Cependant, selon la plainte déposée par le cabinet Clarkson, Cigna aurait contourné cette obligation légale en utilisant l’algorithme PxDx. Avec cet outil, la compagnie d’assurance aurait traité un grand nombre de demandes sans l’évaluation individuelle requise par la loi. En d’autres termes, l’algorithme aurait entièrement remplacé l’évaluation humaine.
Si ces allégations sont avérées, cela signifierait que Cigna a non seulement enfreint la loi, mais aussi manqué à son devoir de fournir à ses assurés une évaluation équitable et objective de leurs demandes de remboursement. Cette affaire souligne donc l’importance de réguler l’utilisation de l’IA dans le secteur de la santé, afin de garantir le respect des droits des patients.
Un taux d’appel élevé
Un fait notable dans cette affaire est le taux élevé de renversement des décisions initiales de Cigna lors des appels. En effet, environ 80% des demandes de remboursement initialement refusées par Cigna, et qui ont ensuite fait l’objet d’un appel, ont été renversées. Ce chiffre est significatif et soulève des questions importantes sur la fiabilité de l’algorithme PxDx.

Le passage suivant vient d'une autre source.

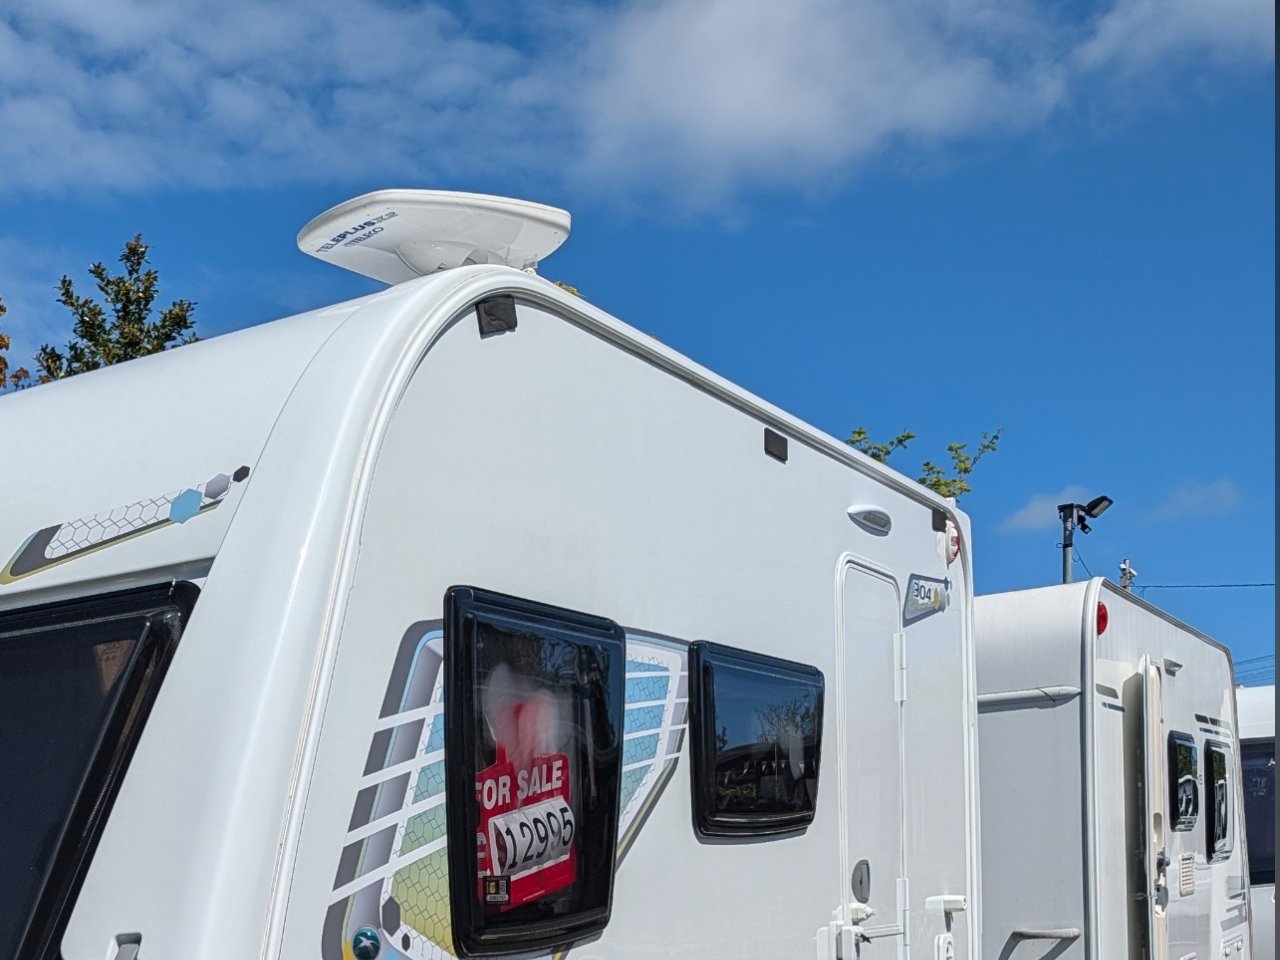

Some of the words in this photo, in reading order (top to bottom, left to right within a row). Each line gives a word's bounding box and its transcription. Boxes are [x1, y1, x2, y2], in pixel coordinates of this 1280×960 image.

[913, 582, 932, 602] 304
[517, 759, 563, 801] SALE
[505, 806, 574, 871] 12995
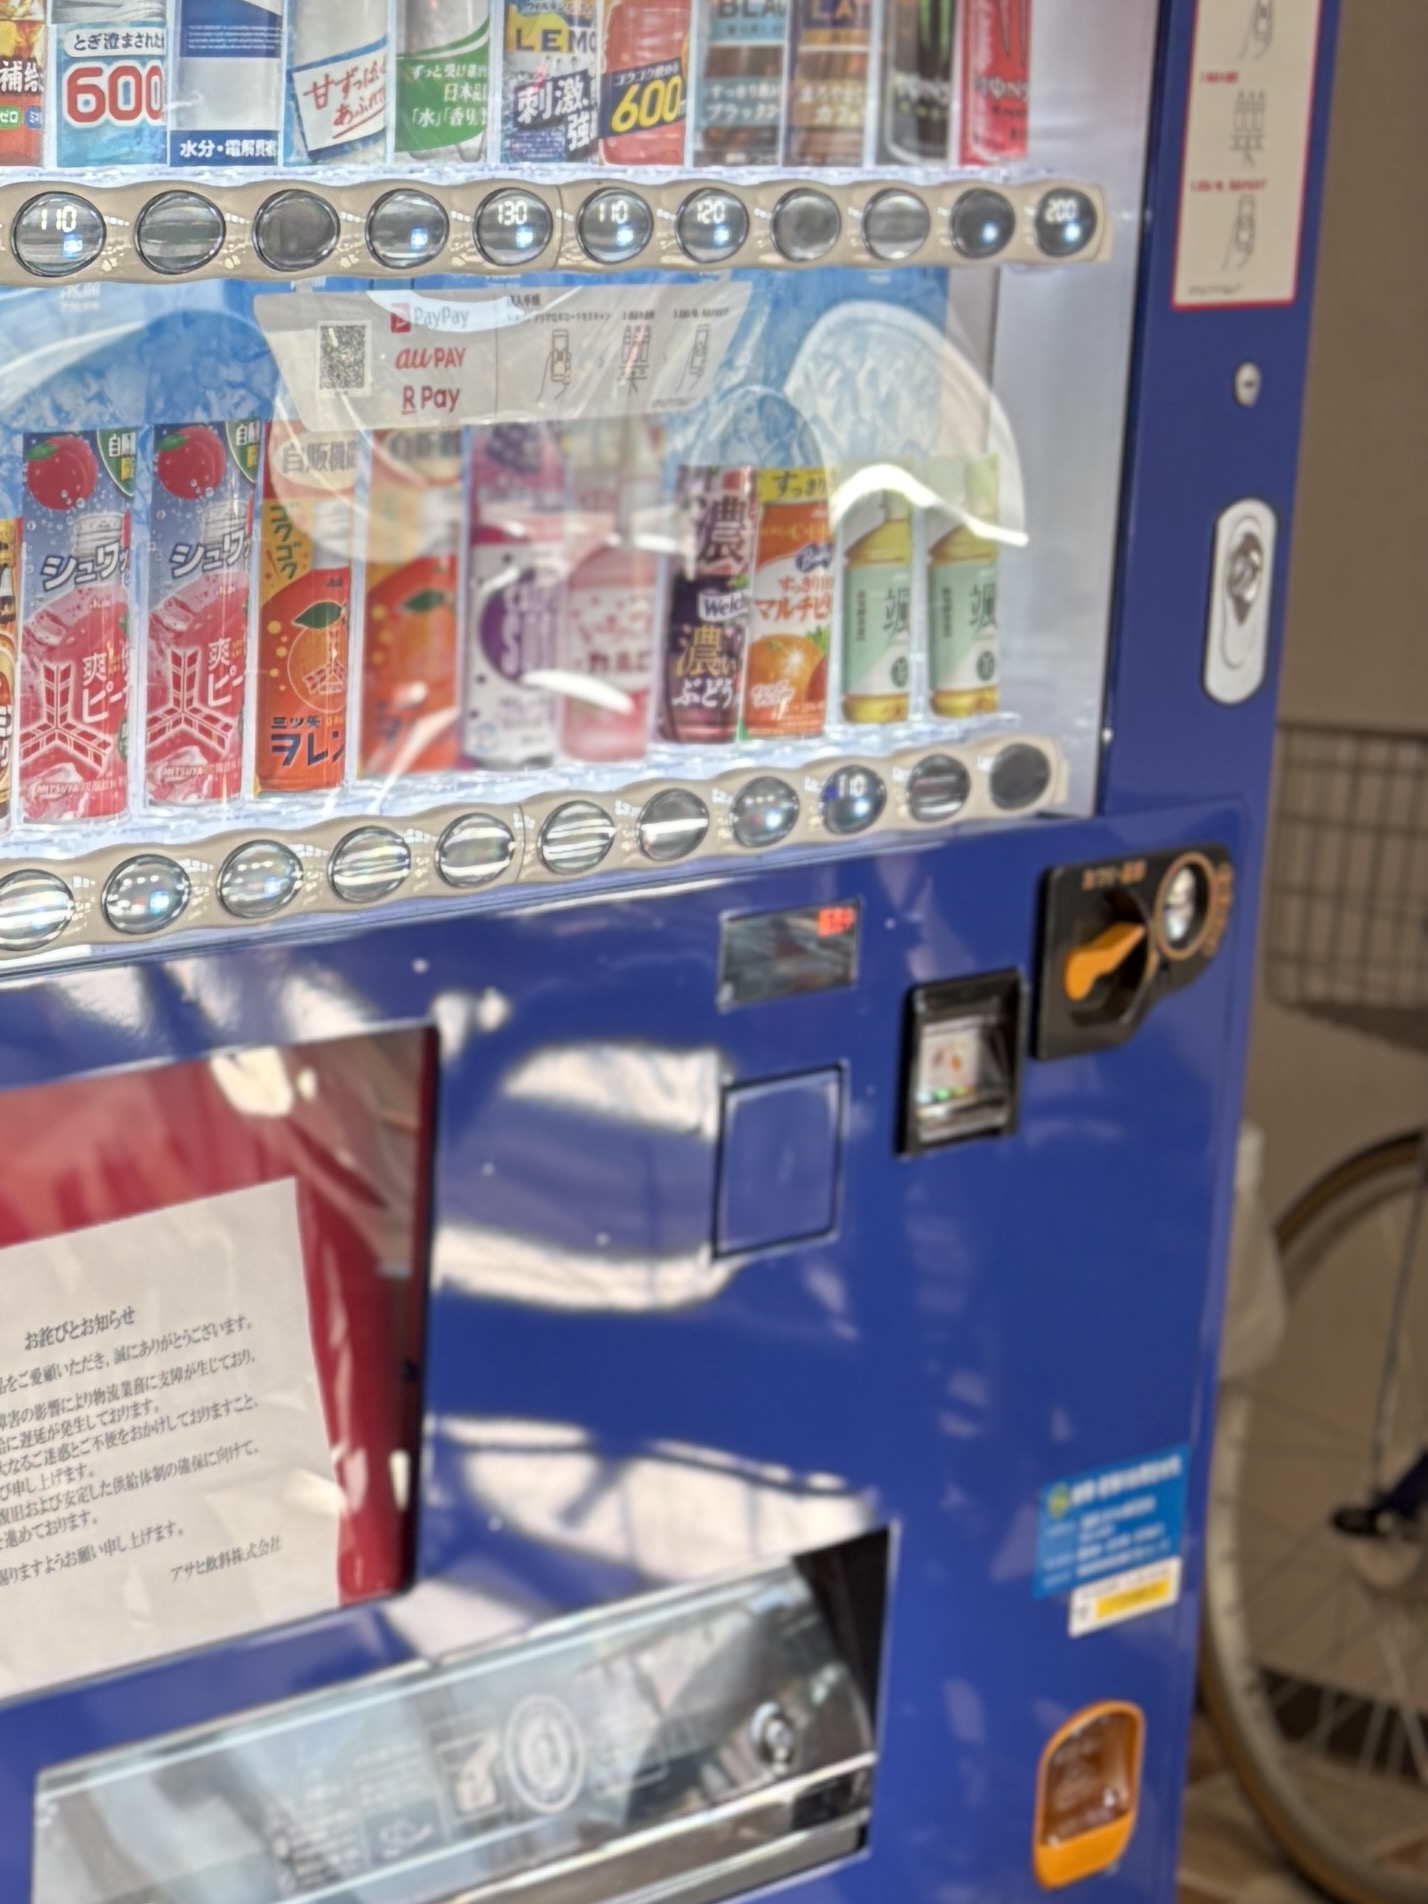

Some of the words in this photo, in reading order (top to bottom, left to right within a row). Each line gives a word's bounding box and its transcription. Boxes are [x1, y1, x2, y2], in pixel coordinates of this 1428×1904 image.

[66, 64, 163, 124] 600
[611, 76, 682, 133] 600
[41, 205, 77, 232] 110
[497, 202, 527, 225] 130
[599, 202, 628, 224] 110
[696, 202, 725, 223] 120
[1047, 201, 1077, 221] 200
[413, 306, 469, 329] PayPay
[395, 348, 433, 370] au
[434, 347, 466, 369] PAY
[421, 385, 460, 412] Pay
[170, 527, 250, 580] シュワ
[208, 665, 243, 708] ピー
[82, 680, 127, 724] ピー
[24, 1306, 136, 1352] お詫びとお知らせ
[170, 1535, 282, 1583] アサヒ飲料株式会社
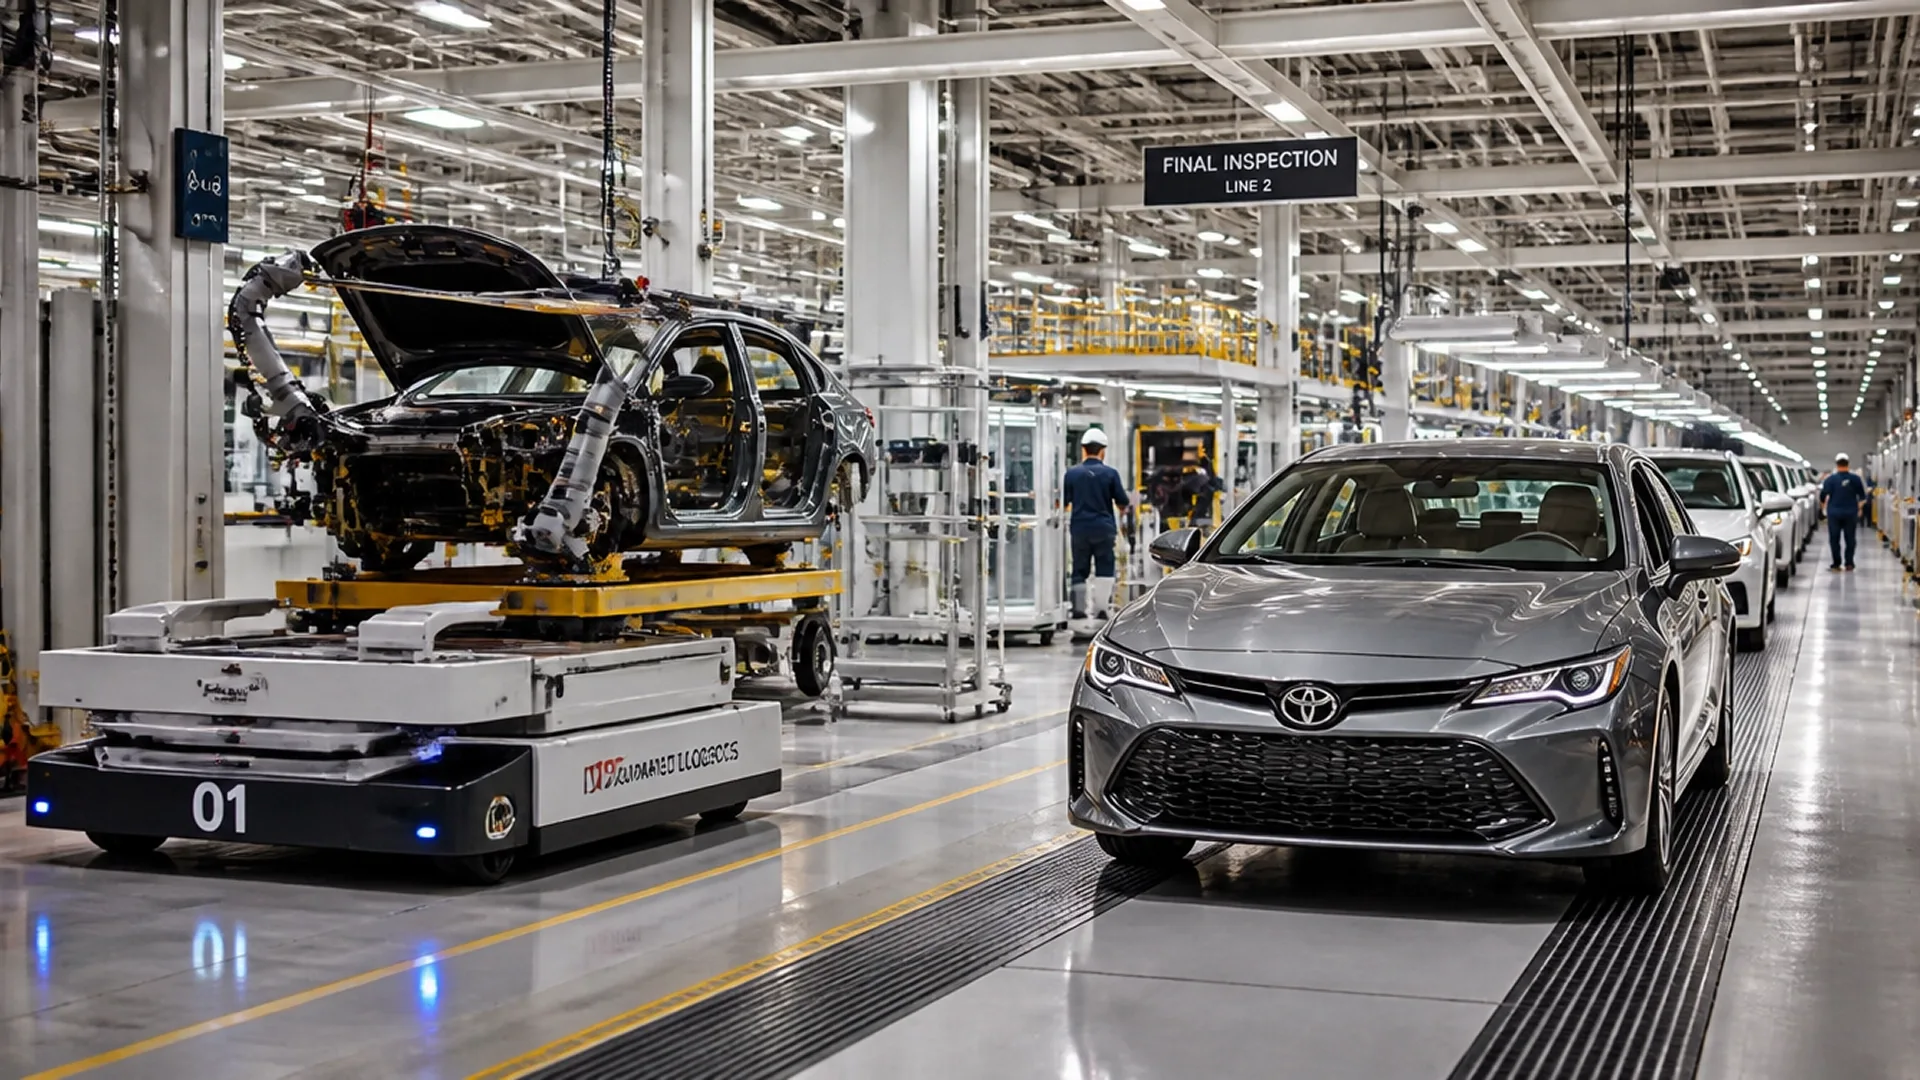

La fiabilité d’un algorithme est mesurée par sa capacité à produire des résultats cohérents et précis. Dans le cas de PxDx, le taux élevé de renversement des décisions initiales suggère que l’algorithme pourrait ne pas être aussi fiable qu’il le devrait. En d’autres termes, il semble que l’algorithme ait pu commettre des erreurs dans l’évaluation des demandes de remboursement, conduisant à un nombre élevé de refus qui ont ensuite été renversés lors des appels.
La défense de Cigna
Face aux accusations portées contre elle, Cigna a pris la défense de son algorithme PxDx. Selon l’entreprise, cet outil a été conçu dans le but d’accélérer les paiements aux médecins, en facilitant le traitement des demandes de remboursement. Il ne visait donc pas à refuser massivement des demandes.
Cigna a précisé que l’algorithme PxDx est utilisé uniquement pour les procédures les plus courantes et à faible coût. L’objectif est de vérifier que les codes de procédure médicale sont correctement soumis. En effet, chaque procédure médicale est associée à un code spécifique, qui doit être correctement indiqué lors de la soumission d’une demande de remboursement. L’algorithme PxDx permettrait donc de vérifier rapidement ces codes, ce qui accélérerait le processus de remboursement, et donc le paiement des médecins.
Des conséquences pour les patients
Mais derrière ces chiffres, ce sont des patients qui se retrouvent sans couverture des soins de santé concernés par la faille, les confrontant à des factures médicales imprévues et parfois très élevées. Cela peut entraîner des difficultés financières pour certains patients.
De plus, le processus d’appel des décisions de Cigna peut être long et complexe, décourageant certains patients à contester les décisions de l’assurance, même s’ils estiment que leur demande de remboursement a été injustement refusée. En conséquence, certains patients choisissent de ne pas recevoir les soins médicaux dont ils ont besoin, par crainte de se voir refuser le remboursement.
Vers une régulation plus stricte de l’IA dans le secteur de la santé ?
Cette affaire soulève des questions fondamentales sur l’utilisation de l’intelligence artificielle dans le secteur de la santé. En particulier, elle soulève des interrogations sur la manière dont l’IA est utilisée pour évaluer les demandes de remboursement des soins médicaux. Son efficacité ne doit pas bafouer les droits des patients ni les obligations légales.
Cette situation pourrait inciter les régulateurs à imposer des normes plus strictes pour son utilisation. Ils devraient garantir que l’IA ne remplace pas l’évaluation humaine lorsqu’il s’agit de prendre des décisions impactant directement la vie des patients, tout en exigeant une plus grande transparence dans le fonctionnement des algorithmes.
En attendant, la bataille juridique entre Cigna et le cabinet Clarkson se poursuit. L’issue de cette affaire pourrait avoir des conséquences importantes pour l’avenir de l’IA au sein des assurances santé.